Each year before Great Lent, we sing the hymn “By the Waters of Babylon”. The text is from Psalms 136 (137). For years, I found the text to be confusing. It is a cry of lament, but at the end says “Blessed shall he be who takes your little ones and dashes them against the rock!”. Each time we sang the hymn, it made me wonder why we were singing that phrase. Are we really saying that whoever dashes infants on the rocks are blessed?
This scripture passage has layers of spiritual meaning that are particularly relevant as we prepare for Lent.
Historically, it describes the exile of thousands of Israelites to Babylon in about 600 BC. They lost not only their independence, but also the Temple of God, the place of God’s residence. During this time, the Israelites remembered Zion, the hill in Jerusalem where they erected the Temple of Jerusalem. Despite the separation from their homeland, they remembered to sing their praises to the Lord.

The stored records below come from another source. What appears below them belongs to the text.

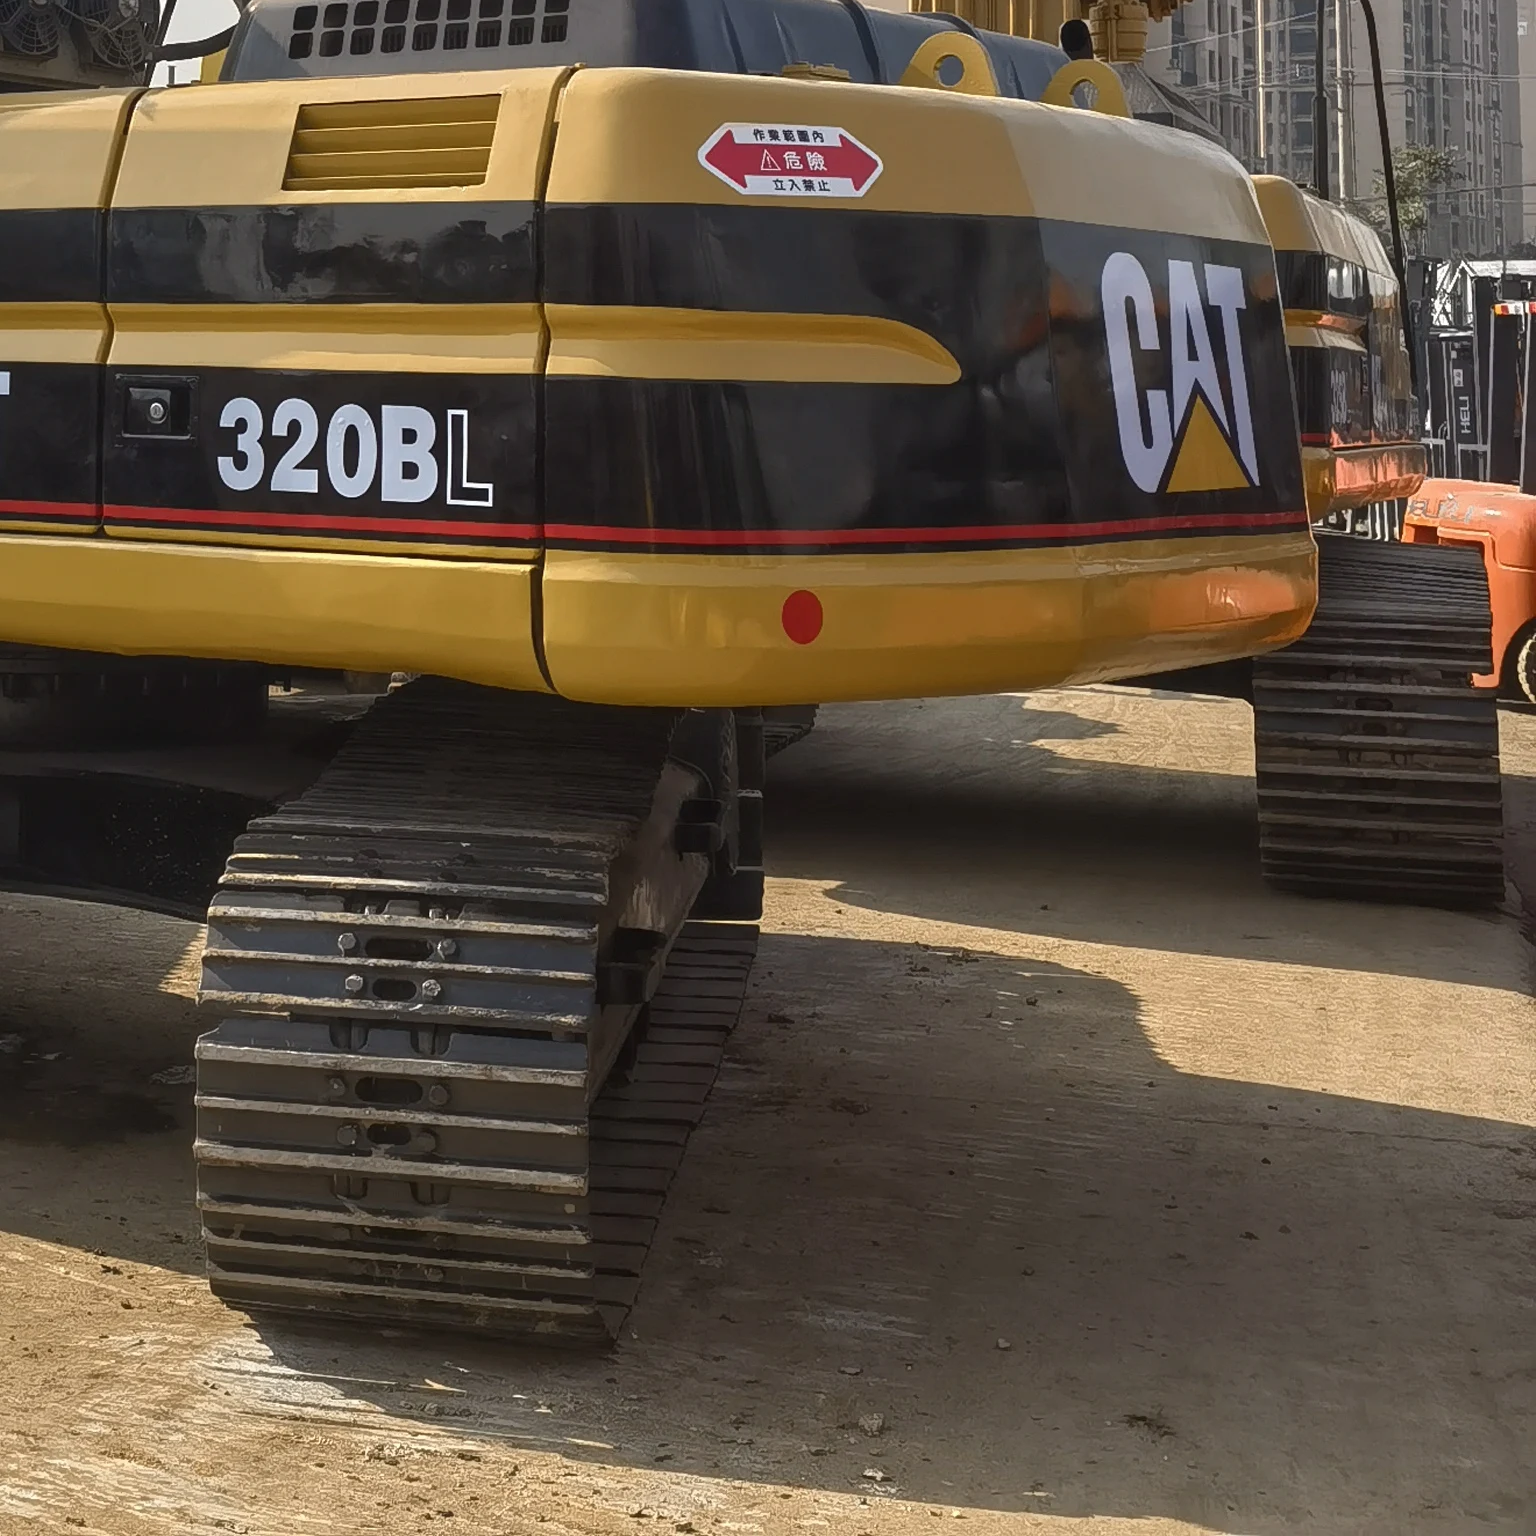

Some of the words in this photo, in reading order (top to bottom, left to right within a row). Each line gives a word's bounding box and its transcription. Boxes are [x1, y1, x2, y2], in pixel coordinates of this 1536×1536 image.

[772, 178, 831, 192] 立入禁止
[1101, 251, 1261, 493] CAT
[1458, 395, 1472, 434] HELI
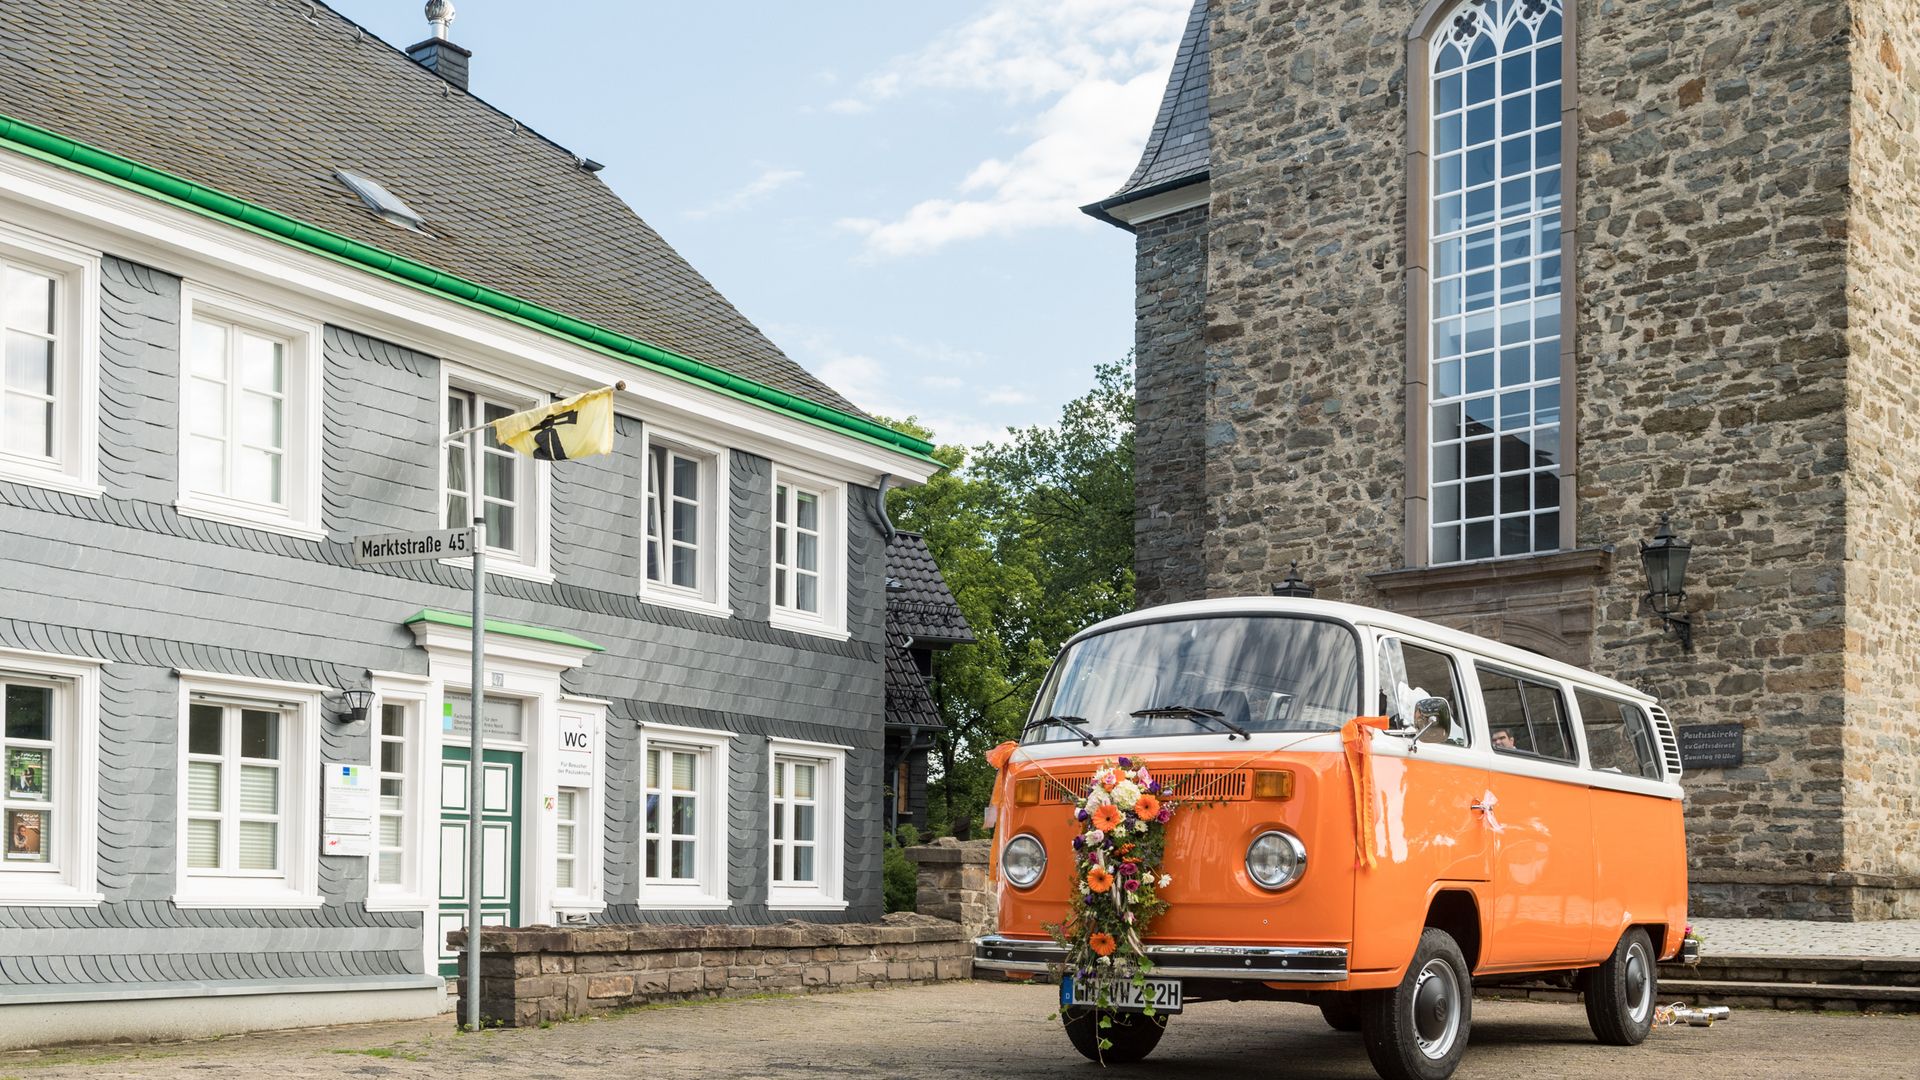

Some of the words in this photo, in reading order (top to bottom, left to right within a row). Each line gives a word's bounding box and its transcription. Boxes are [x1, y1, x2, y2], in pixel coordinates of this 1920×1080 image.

[362, 535, 442, 557] Marktstraße
[449, 533, 465, 551] 45
[564, 731, 587, 748] WC
[1683, 730, 1738, 739] Pauluskirche
[1684, 753, 1713, 761] Sonntag
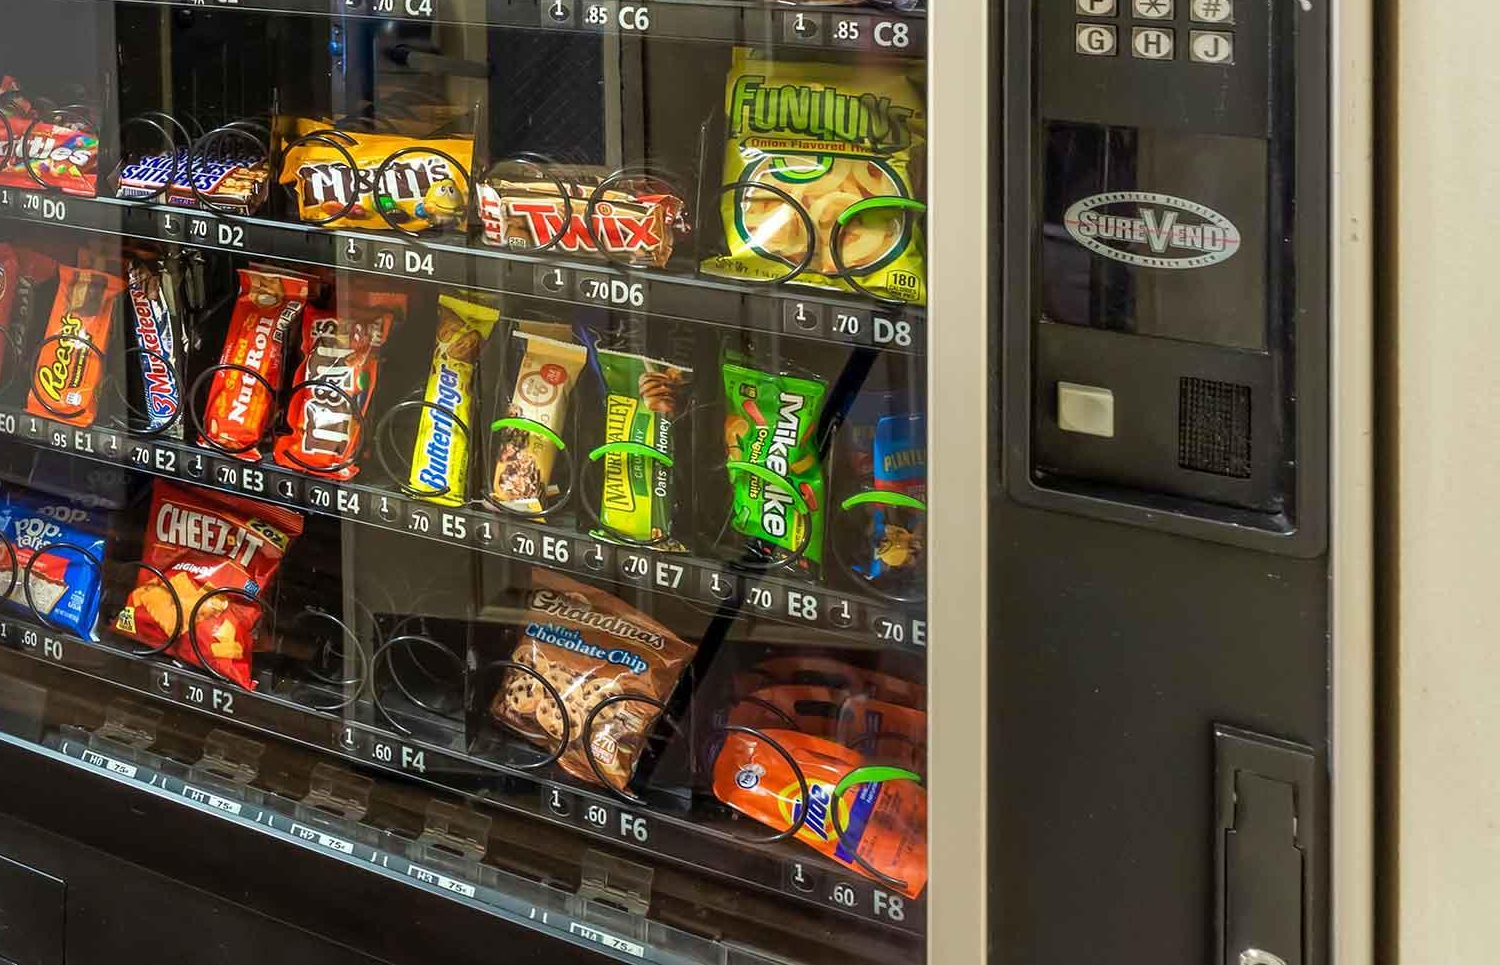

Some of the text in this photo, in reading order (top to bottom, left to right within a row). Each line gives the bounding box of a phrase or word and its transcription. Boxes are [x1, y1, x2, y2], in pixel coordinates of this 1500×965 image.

[585, 4, 608, 24] .85
[618, 6, 650, 31] C6
[874, 21, 909, 48] C8
[1087, 29, 1104, 50] G
[1144, 33, 1162, 54] H
[1203, 37, 1219, 58] J
[731, 75, 915, 154] FUNYUNS
[750, 138, 847, 152] Onion Flavored
[43, 199, 66, 220] D0
[218, 223, 244, 247] D2
[1078, 207, 1226, 253] SUREVEND
[405, 250, 435, 275] D4
[611, 279, 645, 307] D6
[891, 272, 916, 288] 180
[873, 317, 911, 346] D8
[228, 316, 274, 424] Nut Roll
[151, 397, 177, 416] 3
[419, 362, 462, 492] Butterfinger
[764, 391, 805, 477] Mike
[75, 431, 94, 453] E1
[155, 450, 175, 472] E2
[243, 469, 265, 492] E3
[655, 468, 668, 498] Oats
[337, 490, 360, 514] E4
[442, 512, 467, 539] E5
[542, 536, 569, 563] E6
[656, 561, 684, 589] E7
[787, 591, 818, 621] E8
[44, 637, 63, 660] F0
[525, 622, 649, 675] Chocolate Chip
[212, 689, 235, 714] F2
[401, 746, 427, 773] F4
[620, 812, 648, 842] F6
[873, 889, 905, 922] F8

By the rivers of Babylon, there we sat down, yea, we wept, when we remembered Zion. Upon the willows in the midst thereof did we hang our harps. For there, they that had taken us captive asked us for words of song. And they that had led us away asked us for a hymn, saying: Sing us one of the songs of Zion. How shall we sing the Lord’s song in a strange land? If I forget thee, O Jerusalem, let my right hand be forgotten. Let my tongue cleave to my throat, if I remember thee not. If I set not Jerusalem above all other, as the head of my joy. Remember O Lord, the sons of Edom, in the day of Jerusalem, who said: lay waste to her, lay waste to her, even to the foundations thereof.
Psalm 136 (137): 2-7
O daughter of Babylon, thou wretched one, blessed shall he be who shall reward thee wherewith thou hast rewarded us. Blessed shall he be who hall seize and dash thine infants against the rock.
Our Call to Repentance
This Psalm calls us sinners to repentance. Our sins separate us from God and our homeland, just as the sons of Israel found themselves separated from their homeland and from the Temple of God. Our sins are a barrier between us and God. They cause us to be sad, despondent and to often feel like we are not as near to God as we were when we were baptized and first came to know and experience faith in God.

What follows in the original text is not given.